Stored dataset items:
####################
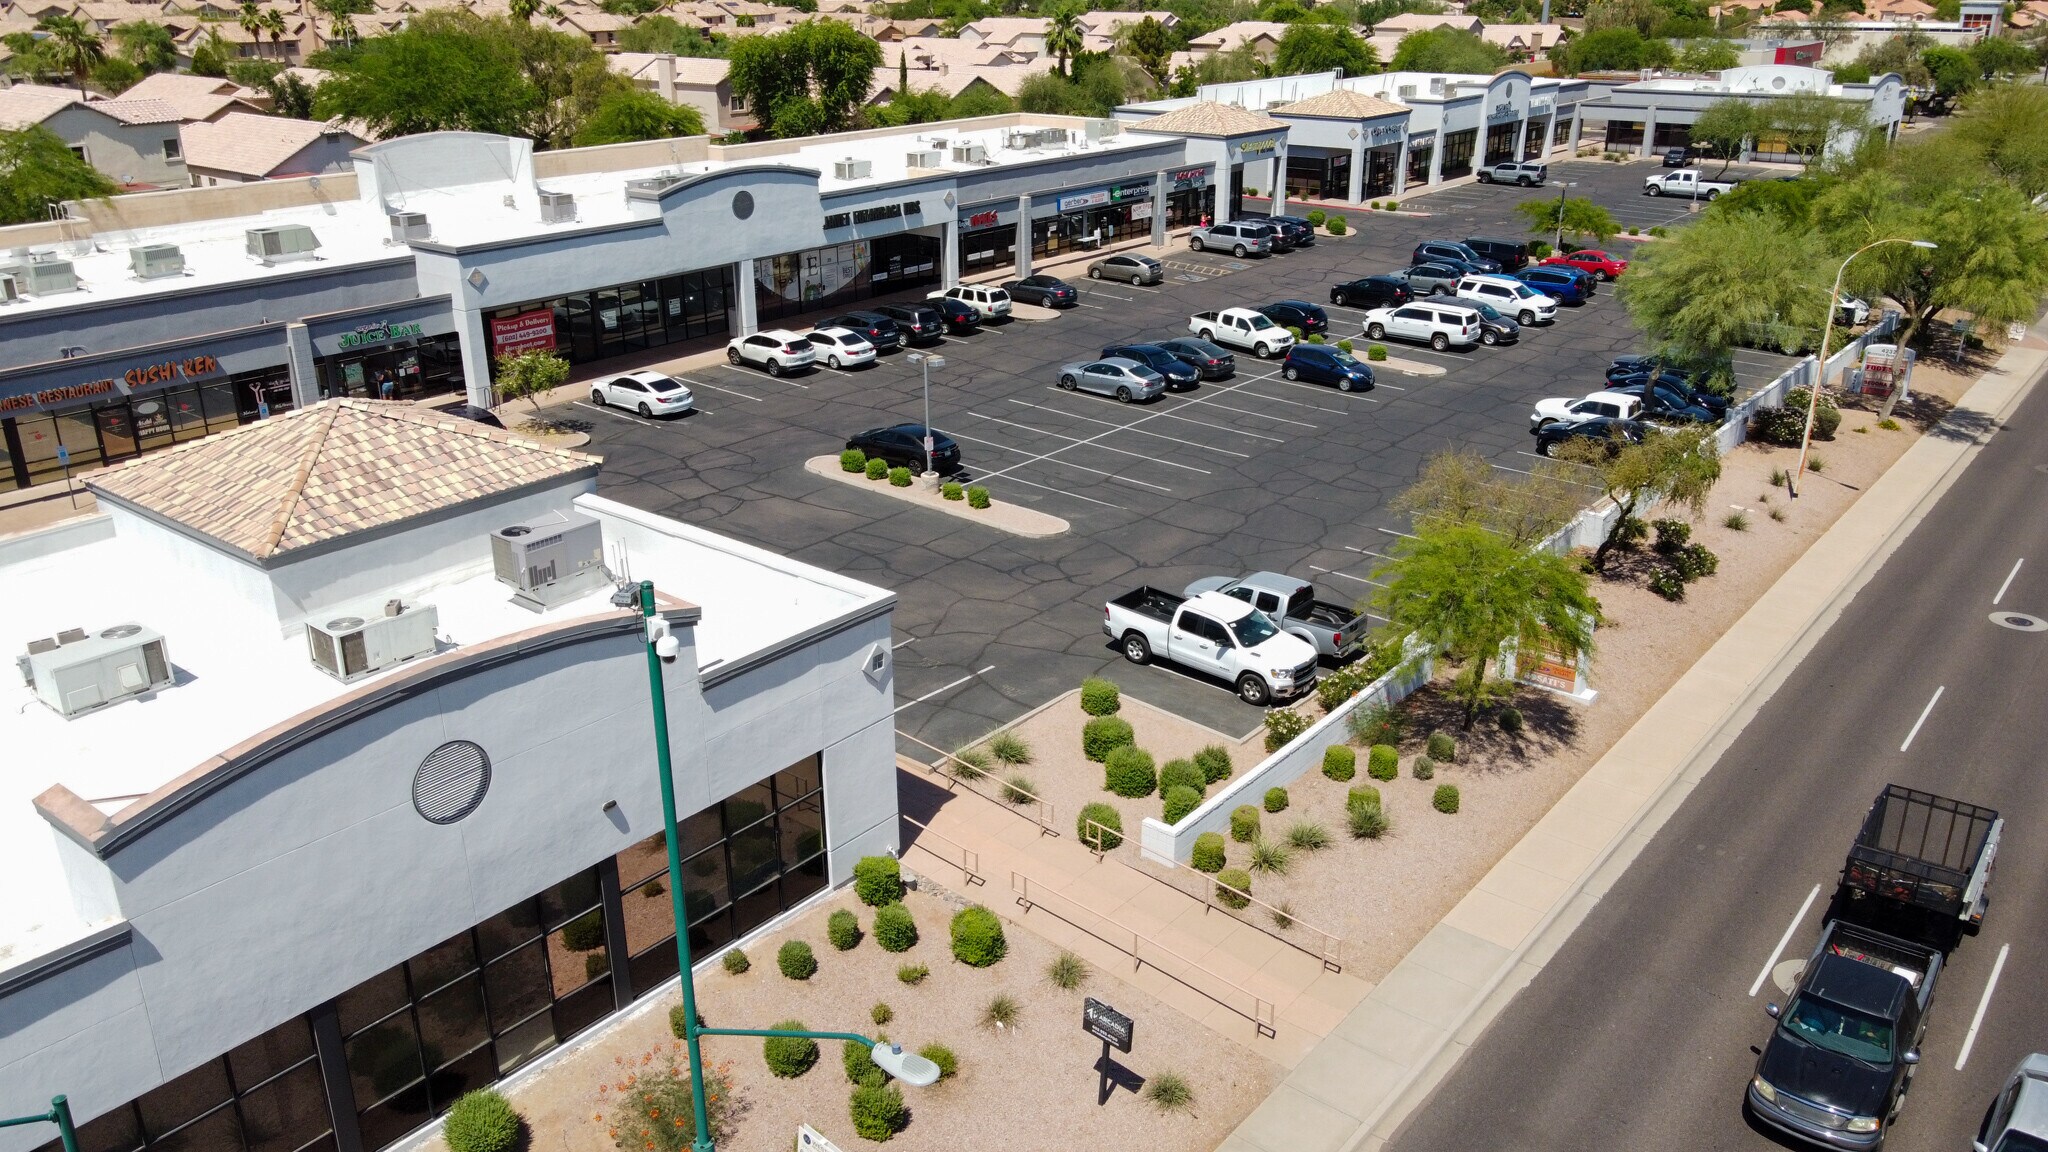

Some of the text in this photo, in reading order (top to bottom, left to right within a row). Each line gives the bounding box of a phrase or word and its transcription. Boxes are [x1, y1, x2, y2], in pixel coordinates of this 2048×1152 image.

[1113, 185, 1150, 197] enterprise
[497, 323, 518, 332] Pickup
[525, 317, 549, 326] Delivery
[339, 323, 422, 348] JUICE BAR
[125, 355, 217, 387] SUSHI KEN
[38, 379, 115, 403] RESTAURANT
[1099, 1015, 1125, 1033] ARCADIA
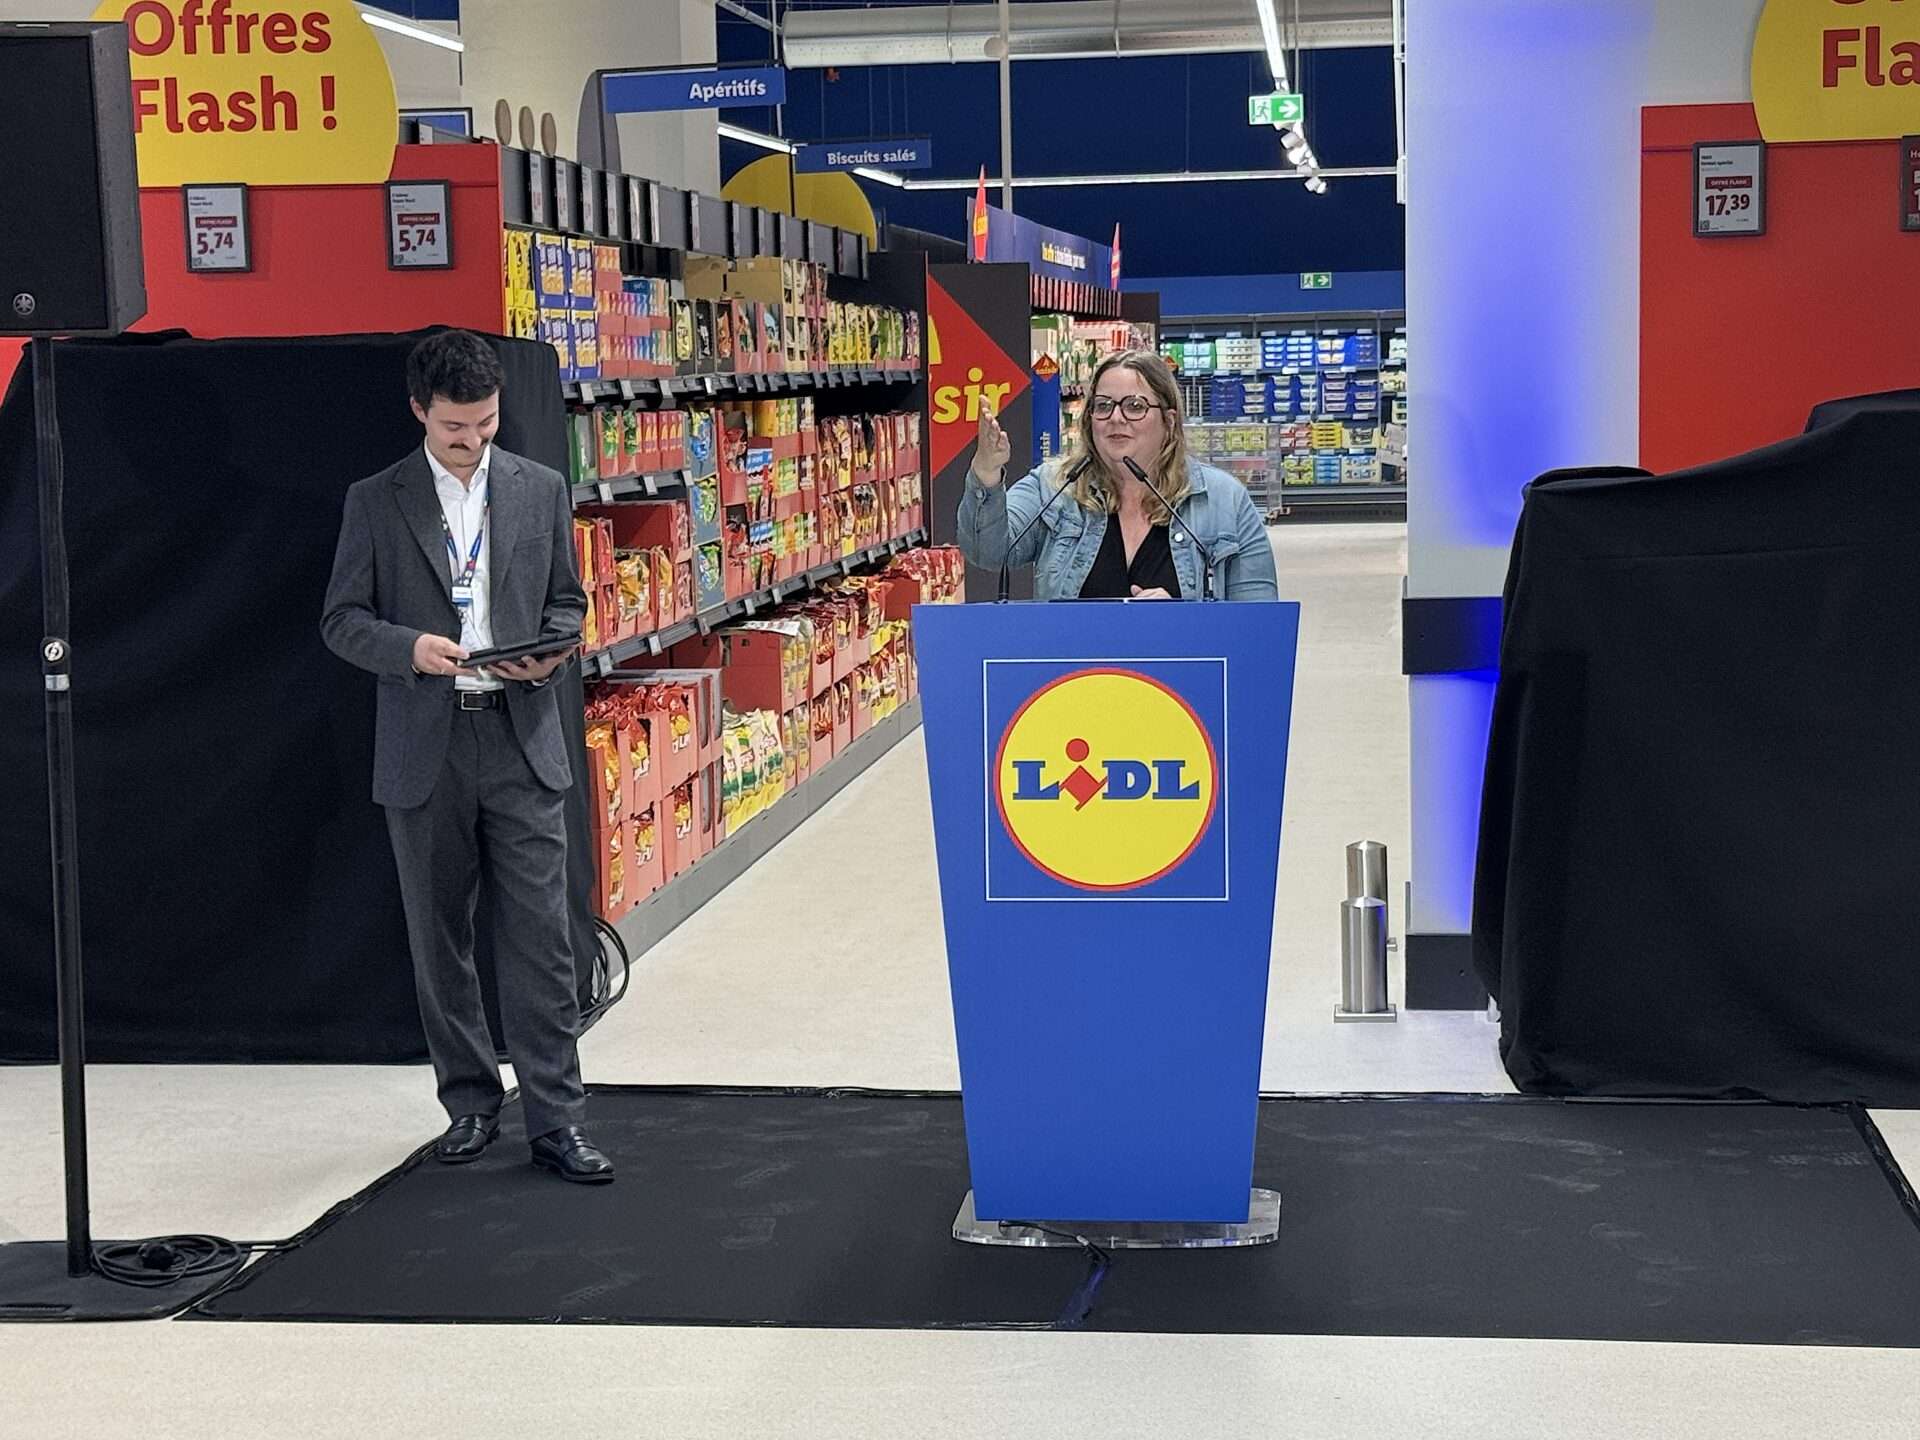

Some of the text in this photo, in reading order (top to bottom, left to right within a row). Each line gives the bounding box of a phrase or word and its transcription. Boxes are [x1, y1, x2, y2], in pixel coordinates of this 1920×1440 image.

[124, 0, 332, 56] Offres
[1822, 26, 1920, 88] Fla
[689, 79, 766, 102] Apéritifs
[131, 75, 337, 133] Flash !
[827, 148, 916, 165] Biscuits salés
[1705, 194, 1750, 216] 17.39
[197, 232, 234, 255] 5.74
[399, 229, 435, 252] 5.74
[928, 367, 1010, 424] sir
####################
_BRIEF:_
Each line from the one with "this 1920×1440 image." through the last line of the records must be written out word for word. Include nothing else.

_REPLY TO THE EXERCISE:_
Some of the text in this photo, in reading order (top to bottom, left to right within a row). Each line gives the bounding box of a phrase or word and its transcription. Boxes are [x1, y1, x2, y2], in pixel coordinates of this 1920×1440 image.

[124, 0, 332, 56] Offres
[1822, 26, 1920, 88] Fla
[689, 79, 766, 102] Apéritifs
[131, 75, 337, 133] Flash !
[827, 148, 916, 165] Biscuits salés
[1705, 194, 1750, 216] 17.39
[197, 232, 234, 255] 5.74
[399, 229, 435, 252] 5.74
[928, 367, 1010, 424] sir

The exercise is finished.